* Available records:
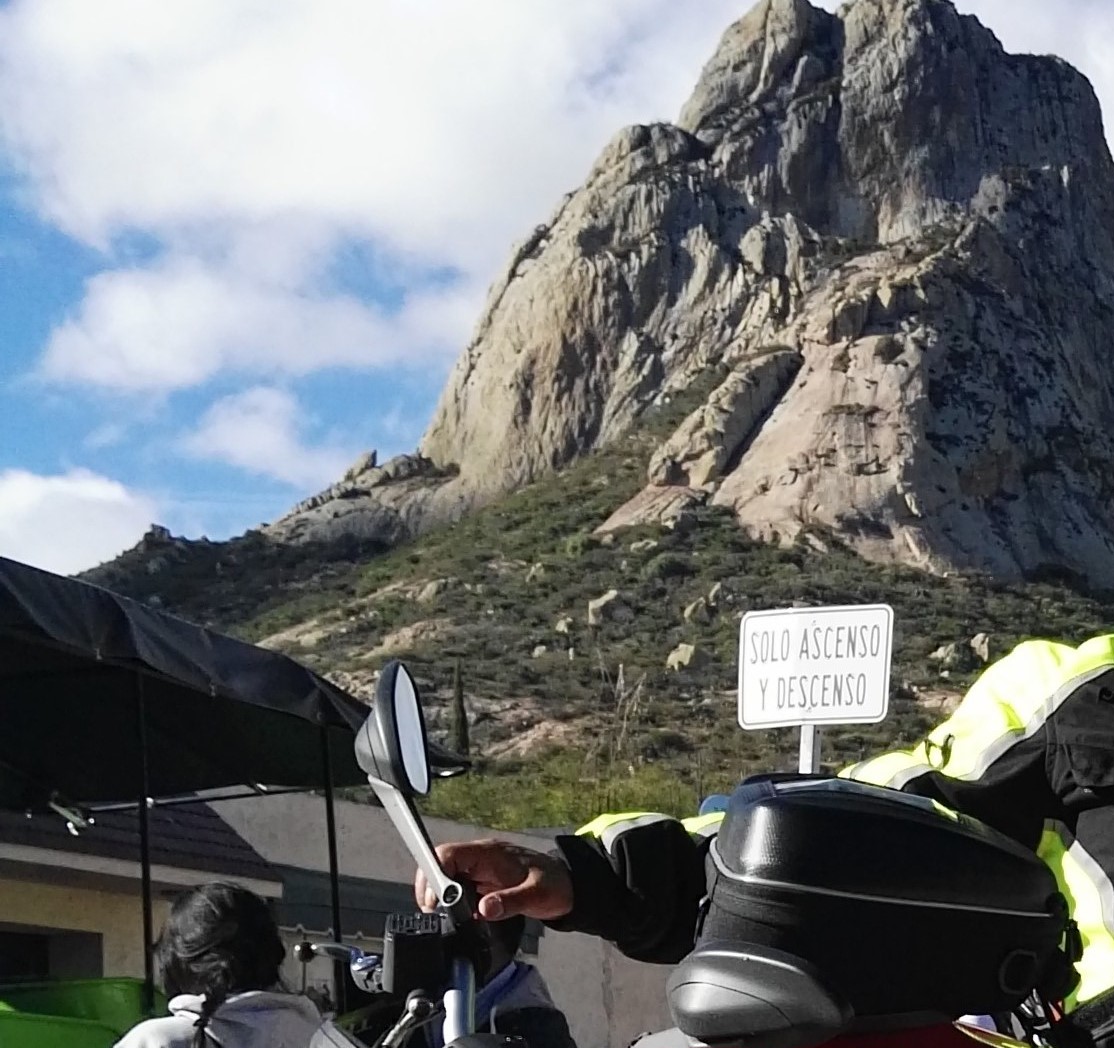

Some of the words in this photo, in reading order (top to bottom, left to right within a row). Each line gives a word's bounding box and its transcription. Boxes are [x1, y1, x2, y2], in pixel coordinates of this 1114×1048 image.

[750, 628, 790, 664] SOLO
[799, 624, 881, 660] ASCENSO
[759, 677, 768, 710] Y
[777, 673, 867, 709] DESCENSO

* Exercise details: In copying the material, drop all pictures and keep everything else identical.

* Solution for this exercise:
Some of the words in this photo, in reading order (top to bottom, left to right within a row). Each line gives a word's bounding box and its transcription. Boxes are [x1, y1, x2, y2], in pixel coordinates of this 1114×1048 image.

[750, 628, 790, 664] SOLO
[799, 624, 881, 660] ASCENSO
[759, 677, 768, 710] Y
[777, 673, 867, 709] DESCENSO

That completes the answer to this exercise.